The Monster (1925) is part of the extensive Warner Archive Collection 2011 releases. This film, directed by Roland V. West and starring Lon Chaney, goes a considerable length to prove the adage that “there is nothing new under the sun.” Essentially, The Monster is the precursor for the tongue-in-cheek old-dark-house-with-malevolent-horror-star-as-host movie. Considerably later,Vincent Price and William Castle visited The Monster‘s familiar territory in the House on Haunted Hill (1959), a film that has become the stereotypical example of the genre.
Director Roland V. West revisited The Monster territory again in the following year’s hit, The Bat and, yet again with sound in The Bat Whispers (1930) (for which he is most remembered—well, he may actually be best remembered for giving a deathbed confession that he murdered his girlfriend Thelma Todd).The Monster is the least known of West’s dark house trilogy and, although it is the weakest of the three, it retains interest for several reasons.

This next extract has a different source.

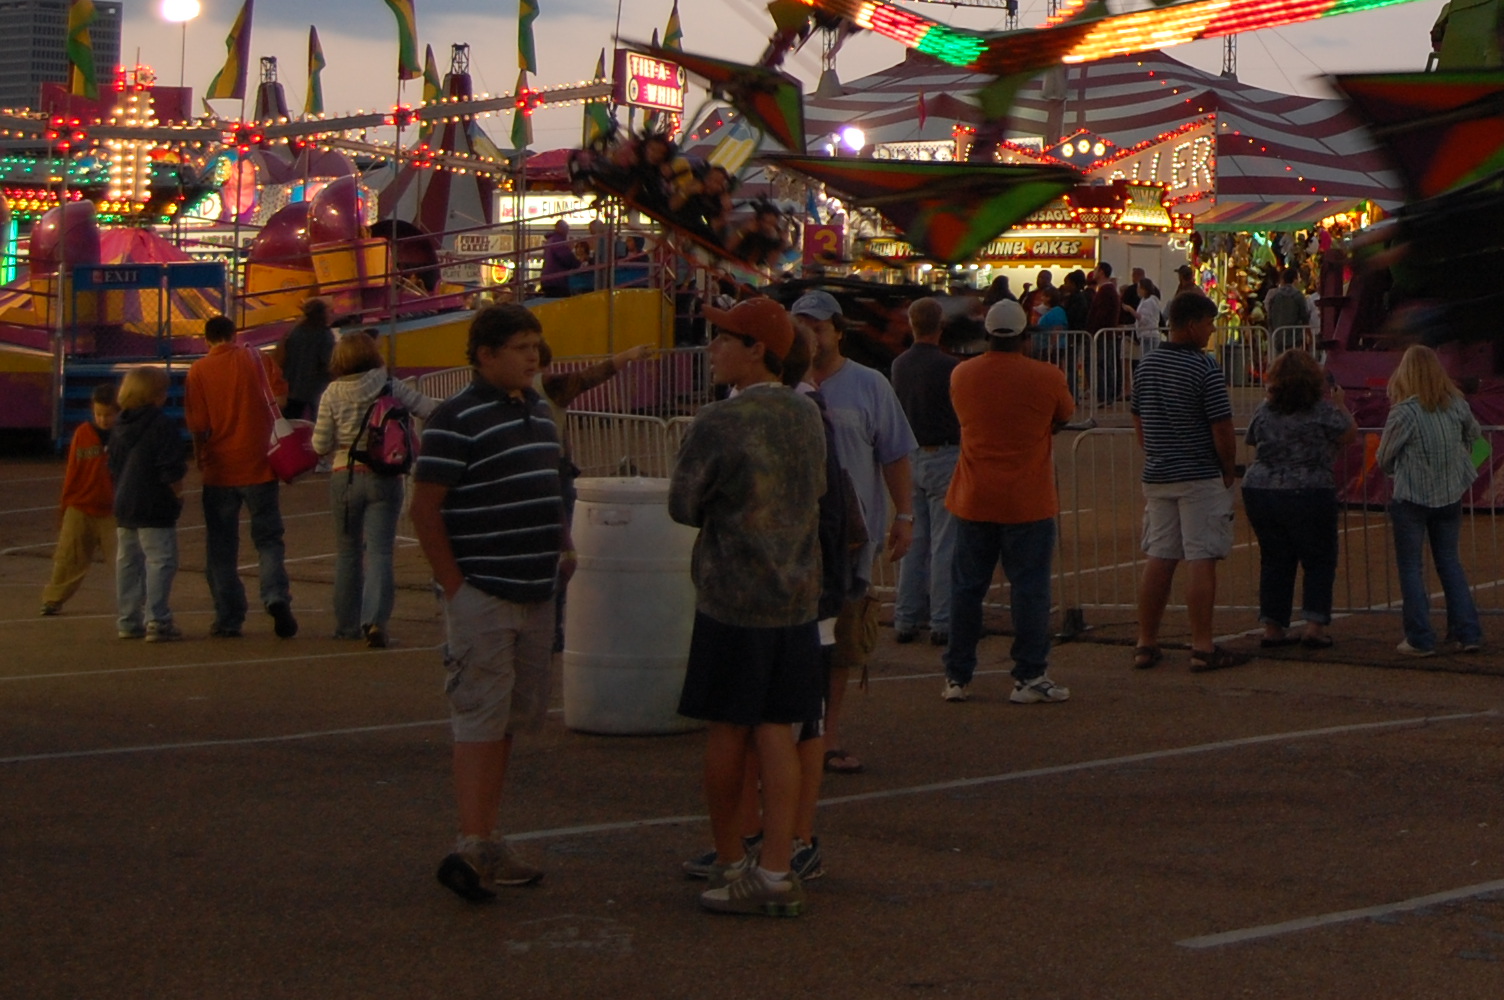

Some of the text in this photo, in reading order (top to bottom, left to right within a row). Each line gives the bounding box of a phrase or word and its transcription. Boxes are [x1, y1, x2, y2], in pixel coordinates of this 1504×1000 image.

[1028, 209, 1072, 222] USAGE
[813, 229, 837, 265] 3
[980, 240, 1081, 256] FUNNEL CAKES
[104, 270, 139, 282] EXIT

The Monster is an oddity in the way it uses star Chaney. Chaney’s body of work goes a considerable distance in debunking his reputation as a “horror” actor. The few horror films Chaney appeared in are more aptly described as bizarre, densely psychological melodramas. The Monster, however, could serve as a prototype for a genre celebrity in a B-movie parody. Chaney’s Dr. Ziska is strictly cartoon horror. He could romp with Baron Boris in Mad Monster Party (1967), or brew up a Gossamer with Bugs in Hare-Raising Hare (1946).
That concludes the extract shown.